[[ Records provided open ]]

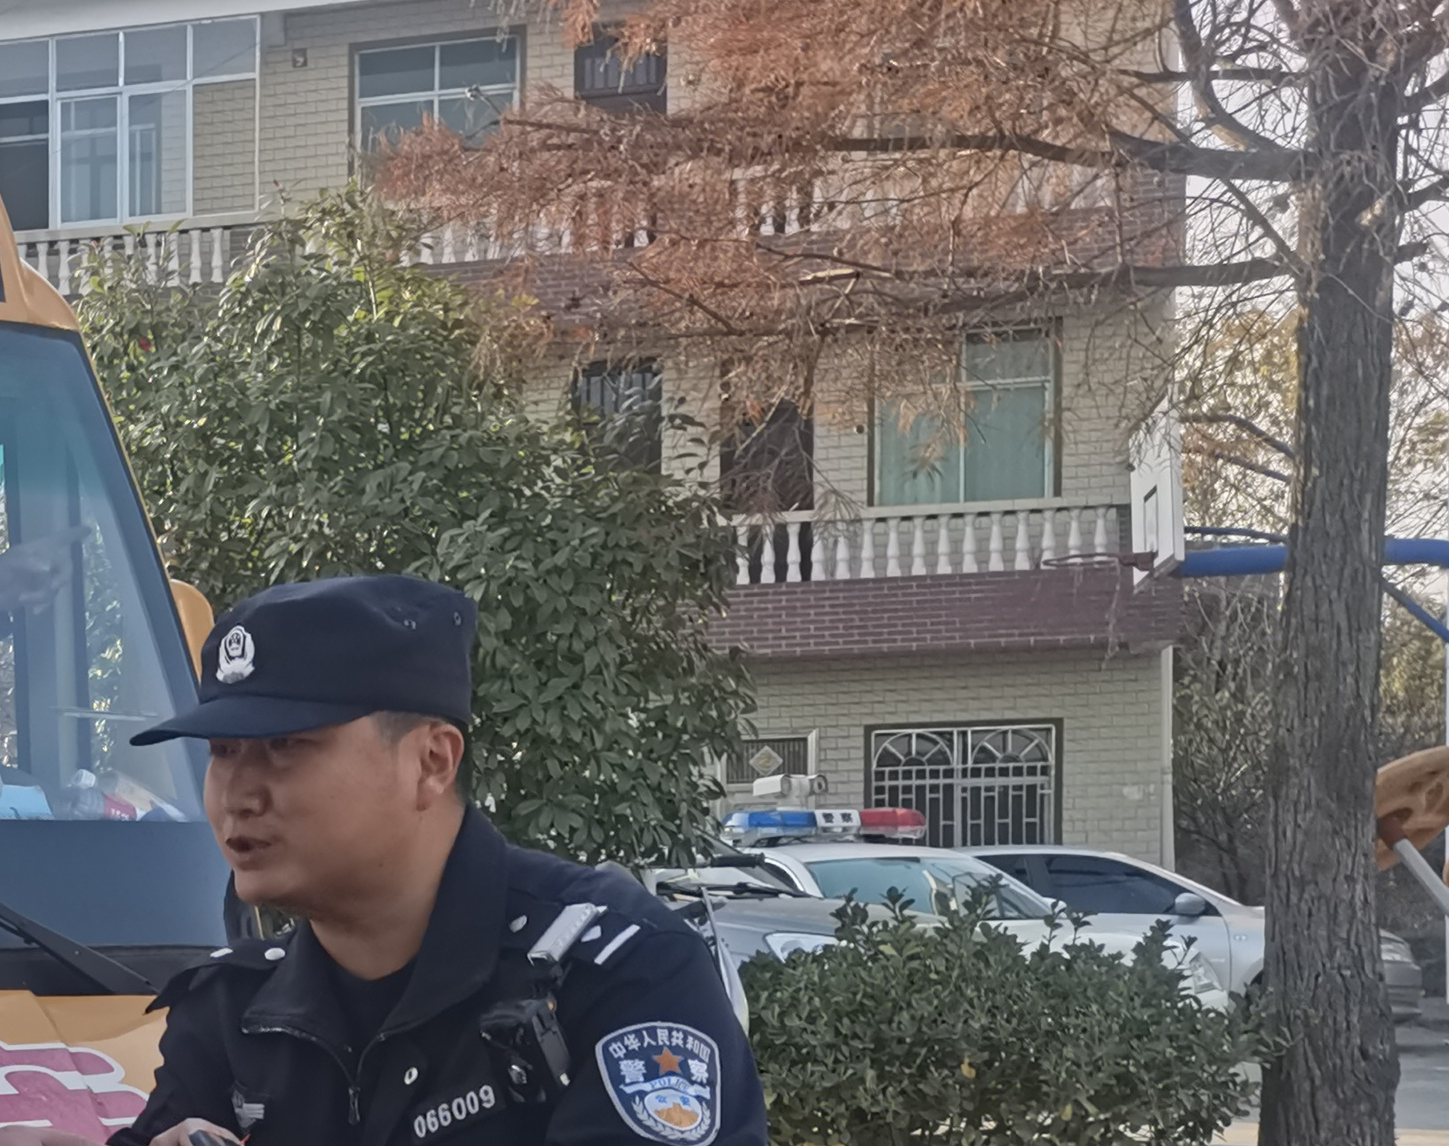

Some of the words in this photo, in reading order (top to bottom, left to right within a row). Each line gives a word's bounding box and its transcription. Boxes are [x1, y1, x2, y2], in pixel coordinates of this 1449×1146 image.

[822, 812, 853, 824] 警察
[608, 1028, 710, 1062] 中华人民共和国
[619, 1059, 709, 1084] 警察
[650, 1077, 690, 1092] POLICE
[413, 1084, 496, 1138] 066009

[[ Records provided closed ]]

◆ What you need to do: Line by line, retype the records above exactly, minus the images.

◆ Written response:
Some of the words in this photo, in reading order (top to bottom, left to right within a row). Each line gives a word's bounding box and its transcription. Boxes are [x1, y1, x2, y2], in pixel coordinates of this 1449×1146 image.

[822, 812, 853, 824] 警察
[608, 1028, 710, 1062] 中华人民共和国
[619, 1059, 709, 1084] 警察
[650, 1077, 690, 1092] POLICE
[413, 1084, 496, 1138] 066009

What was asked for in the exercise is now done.